In October 2020, prior to UK vaccination roll-out, 15,564 adult participants from the ZCS were invited to join the CSSB. Invited participants had: (a) a self-reported SARS-CoV-2 test result: A swab test (in this time period RT-PCR) at the start of illness, or a subsequent antibody test, whether positive or negative; and (b) logged at least once every 14 days since start of illness, or since the start of logging if asymptomatic.
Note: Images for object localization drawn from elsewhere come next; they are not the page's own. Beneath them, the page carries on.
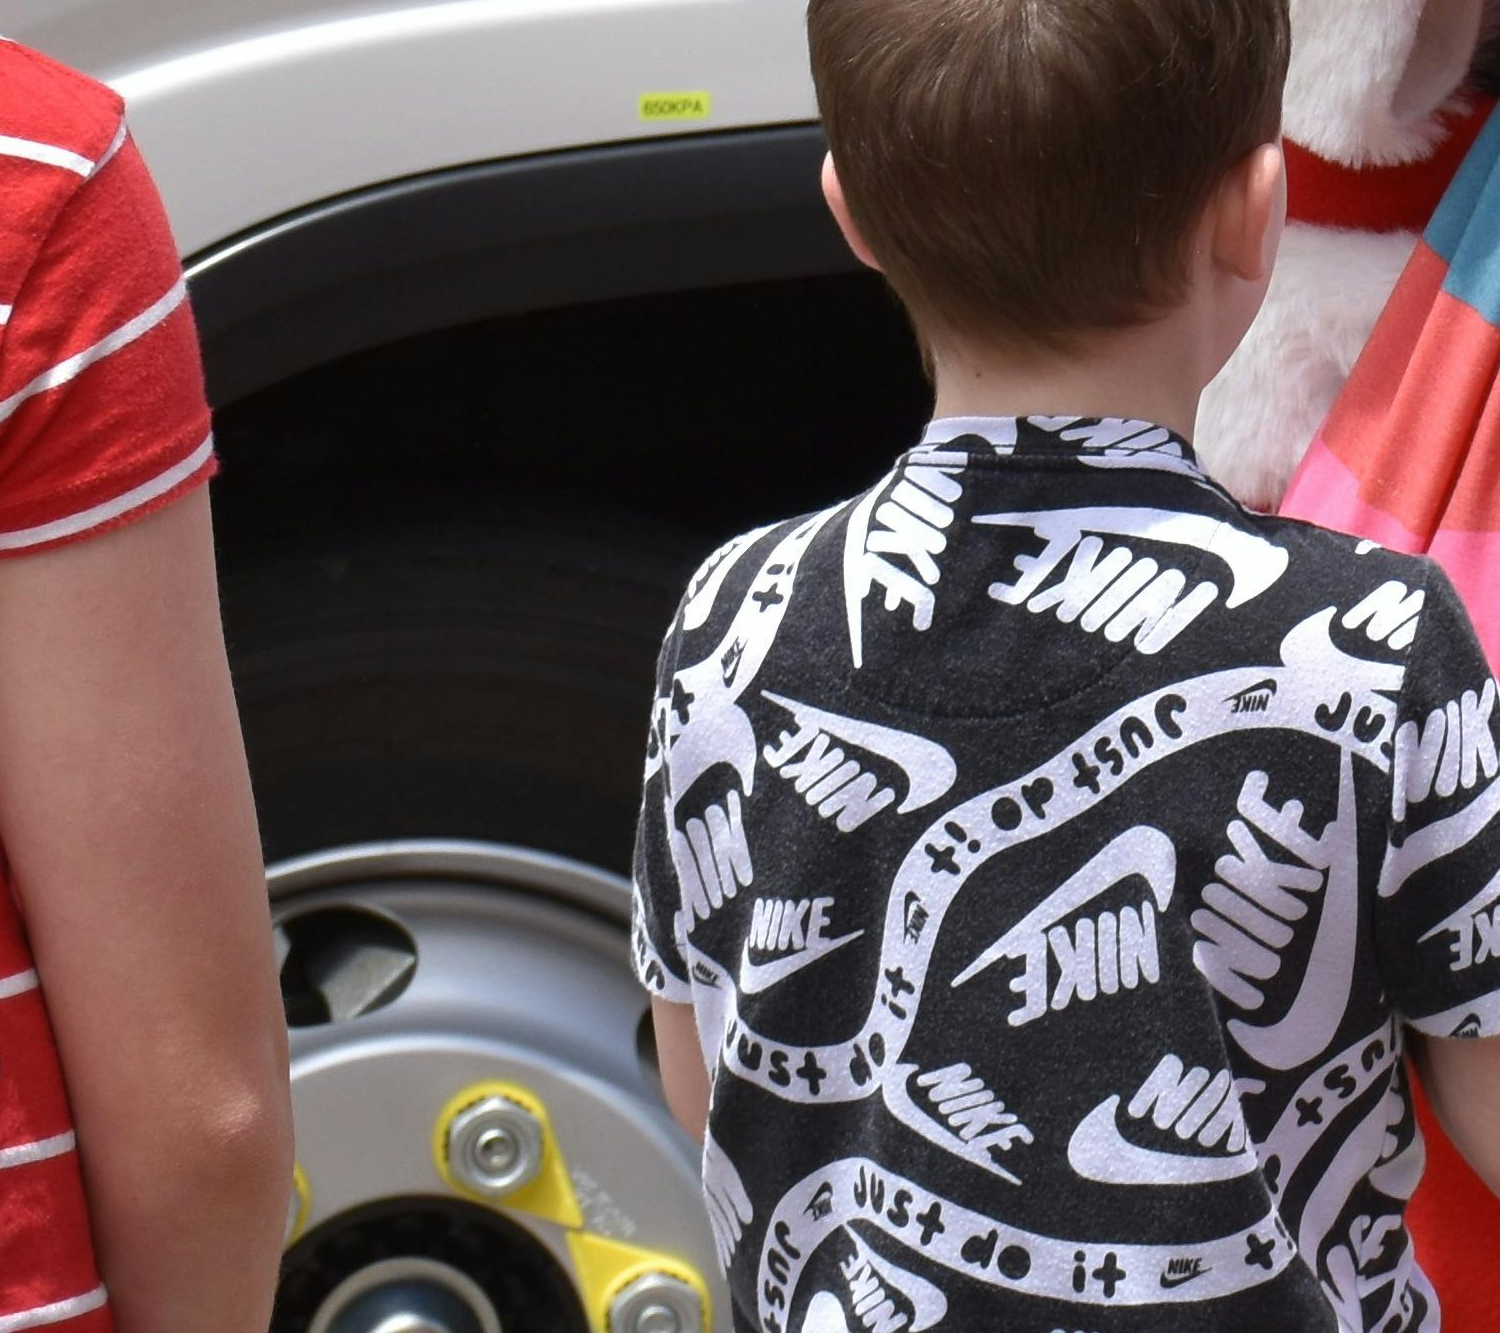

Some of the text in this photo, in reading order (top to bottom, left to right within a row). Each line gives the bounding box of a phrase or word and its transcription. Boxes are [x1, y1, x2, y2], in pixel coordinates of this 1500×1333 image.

[988, 526, 1219, 654] NIKE
[1230, 693, 1271, 715] NIKE
[762, 723, 896, 833] NIKE
[923, 693, 1187, 875] Just do it
[749, 896, 835, 953] NIKE
[1189, 769, 1336, 1010] NIKE
[1007, 900, 1160, 1027] NIKE
[725, 966, 916, 1096] Just do it
[916, 1062, 1034, 1159] NIKE
[853, 1164, 1127, 1299] Just do it
[1167, 1257, 1203, 1277] NIKE
Initially, individuals were recruited in four groups based on understanding of Long COVID at that time, and prior to definitions being published: (1) Asymptomatic, with confirmed infection; (2) Short illness (≤ 14 days) after confirmed infection; (3) Long illness (≥ 28 days)5 after confirmed infection; and (4) Long symptom duration (≥ 28 days) but with a negative test for SARS-CoV-2 infection. Invited individuals were matched across these four groups by Euclidian distance for age, sex and BMI9. Participants were invited by email, and consented separately into the CSSB. Participants were sent home sampling kits in November 2020 via post, and returned capillary blood samples for metabolomic analysis. This also enabled antibody testing using an ELISA method57 to confirm prior infection status of all participants, the current standard for retrospective ascertainment58. A subgroup also consented to send in stool samples for analysis of their gut microbiome.
Study participants were subsequently aligned using symptoms ascertained up to sample collection date, and the permissible gap in logging was further tightened to 7 days to increase accuracy of classification. Long-COVID groups were reshaped to match definitions published in November 20205 (see Table 5) corresponding to Ongoing Symptomatic COVID-19 (28–83 days, OSC28) and Post-COVID-19 Syndrome (> 84 days, PCS84). The same duration parameters were applied to those reporting symptoms with the same timeframe parameters around a negative test for SARS-CoV-2, who were presumed to have a non-COVID-19 illness. This yielded six groups for comparison—four SARS-CoV-2 positive groups: Asymptomatic, Acute COVID-19 (≤ 7 days), OSC28, PCS84; and two SARS-CoV-2 negative groups: Non-COVID-19 illness 28–83 days (NC28), Non-COVID-19 illness ≥ 84 days (NC84).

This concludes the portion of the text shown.